What to work on:
Once the pictures have been set aside, copy every remaining entry exactly.

(Images for object localization)
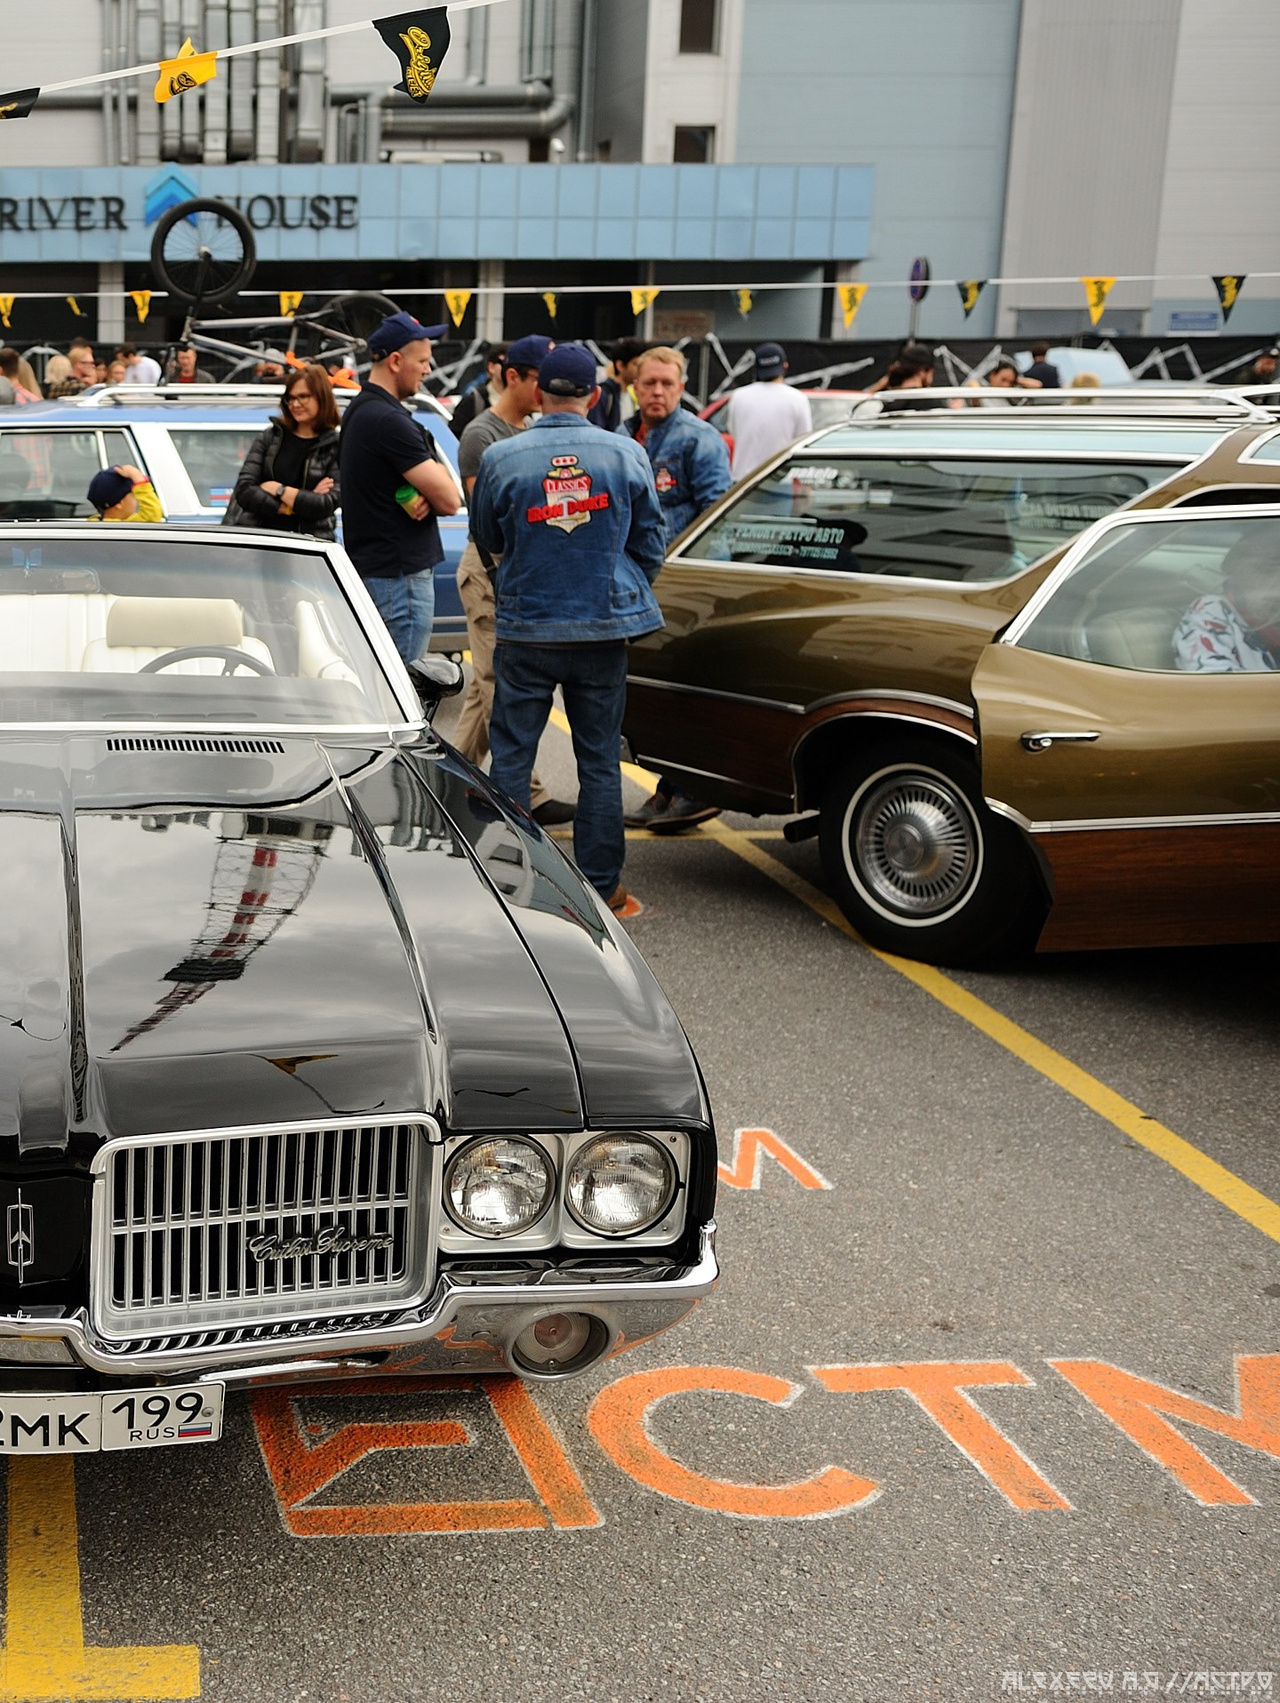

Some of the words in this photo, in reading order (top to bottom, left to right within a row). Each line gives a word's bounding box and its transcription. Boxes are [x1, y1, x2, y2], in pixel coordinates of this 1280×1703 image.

[546, 476, 589, 493] CLASSICS
[527, 503, 564, 523] IRON
[567, 493, 610, 516] DUKE
[814, 527, 845, 544] АВТО
[249, 1235, 312, 1262] Cutlass
[312, 1226, 394, 1257] Supreme
[112, 1391, 204, 1430] 199
[129, 1427, 176, 1443] RUS
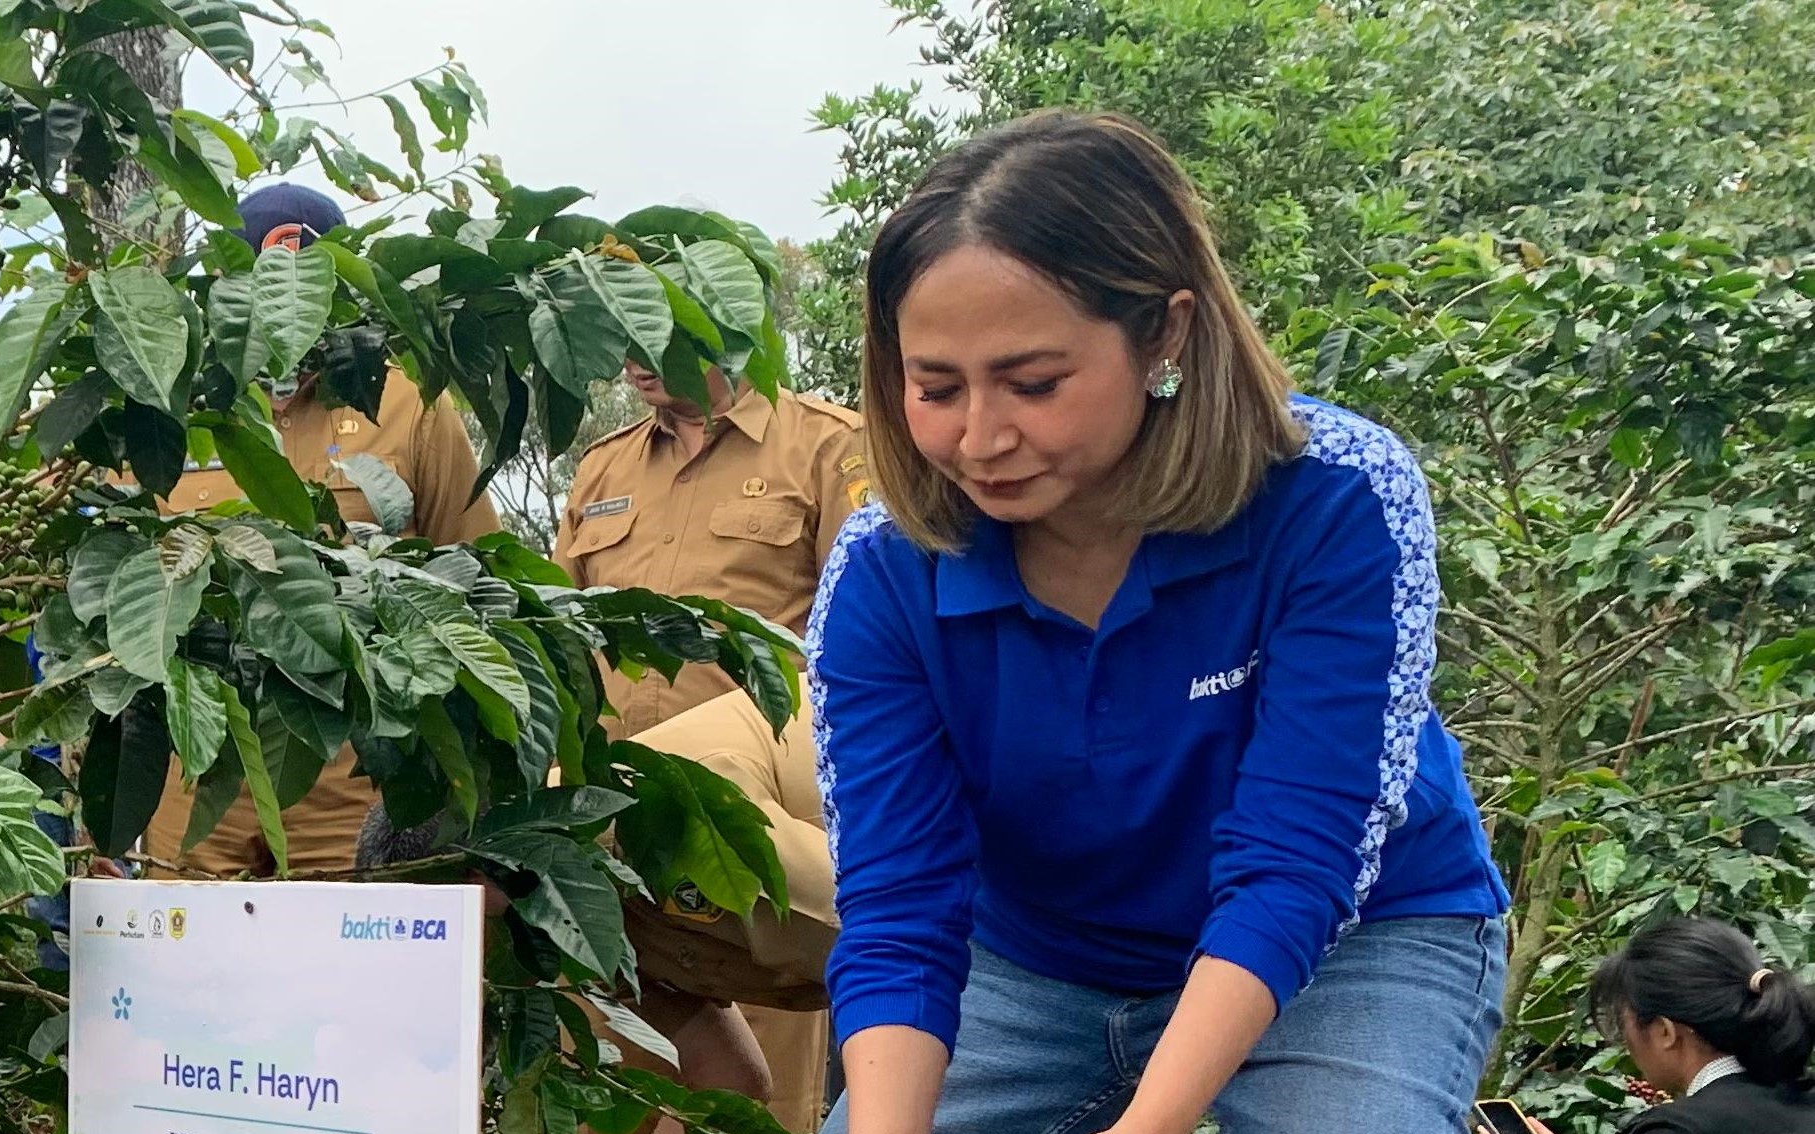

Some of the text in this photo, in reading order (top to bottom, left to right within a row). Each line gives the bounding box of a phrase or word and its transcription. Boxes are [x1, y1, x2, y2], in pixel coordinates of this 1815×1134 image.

Written solution:
Some of the words in this photo, in reading order (top to bottom, left to right within a row). Each line gives a word's bounding box and its transcription. Boxes are [x1, y1, x2, y2], in pixel coordinates of this 1280×1703 image.

[546, 476, 589, 493] CLASSICS
[527, 503, 564, 523] IRON
[567, 493, 610, 516] DUKE
[814, 527, 845, 544] АВТО
[249, 1235, 312, 1262] Cutlass
[312, 1226, 394, 1257] Supreme
[112, 1391, 204, 1430] 199
[129, 1427, 176, 1443] RUS

Some of the text in this photo, in reading order (top to bottom, left to right within a row). Each line gives the bounding box of a phrase or word and its transcription. Boxes are [x1, y1, x2, y2], in pixel coordinates of this 1815×1134 image.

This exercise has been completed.